It sounds like he's thinking that he can build off of the success of his
personal newsletter. However, the difference will be in the audience. People
subscribe and connect with his personal newsletter because they want to hear
what he has to say. Also, there is something sort of neat about getting an
e-mail from an author in your inbox rather then passivley clicking on a
bookmakred blog.

However, this doesn't sound like it will be the individual thoughts of someone
like Jason. It will be a series of articles by a number of people - likely low
paid people. Some of those people may be interesting and insightful, but
unless they have an existing audience coming into the newsletter, the effort
won't get large enough for very many advertisers to care.

This newsletter effort will work well in combination with the This Week In
network. Hosts will be able to say things such as, "subscribe to our
newsletter" or "get the inside scoop via e-mail".

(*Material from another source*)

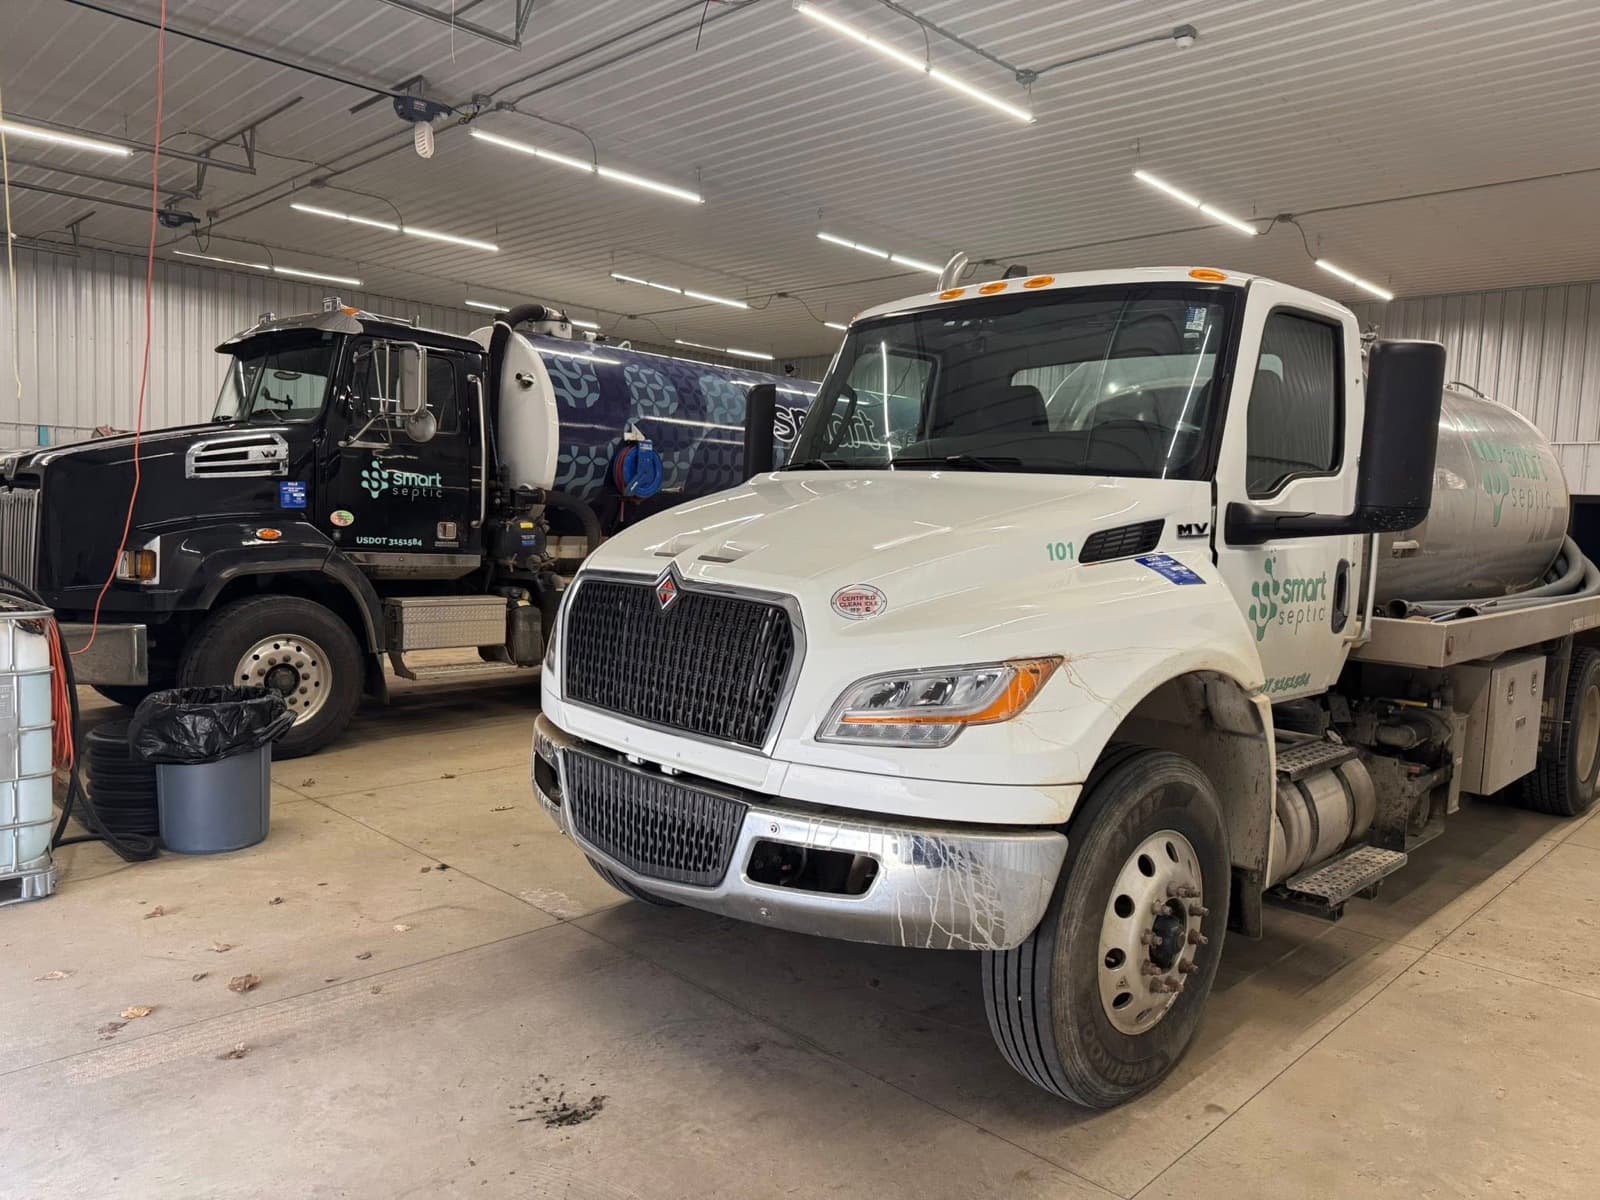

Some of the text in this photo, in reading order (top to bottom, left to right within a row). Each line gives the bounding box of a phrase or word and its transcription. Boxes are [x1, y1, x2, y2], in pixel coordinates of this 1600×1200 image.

Beyond a complimentary add-on that builds on a tiny bit of personal success, I
don't see this effort being a fraction of what TechCrunch is. I think Jason is
using this sensational comparison (and the whole Calacanis vs. Arrington
thing) as the same word-of-mouth marketing he's well known for.

------
moxiemk1
"Jason's list" (his current email list) has been, on average, excellent. It
consists of long writings trying to convey what he thinks in a reasoned (if
occasionally emotional) way. It is plished occasionally instead of around the
clock, and so avoids most knee-jerk topics. He often responds to well-thought-
out user replys.

This sounds like him hiring some more people to have more articles and points
of view. If it manages to continue to be thorough and nuanced, it'll be a
great resource.

------
orenmazor
"email newsletter?"

I love steam powered technology.

sarcasm aside, this is a good idea on the whole. just not over email. my inbox
is fifth date material. I'm gonna have to create a separate email address that
forwards to my rss reader, or something..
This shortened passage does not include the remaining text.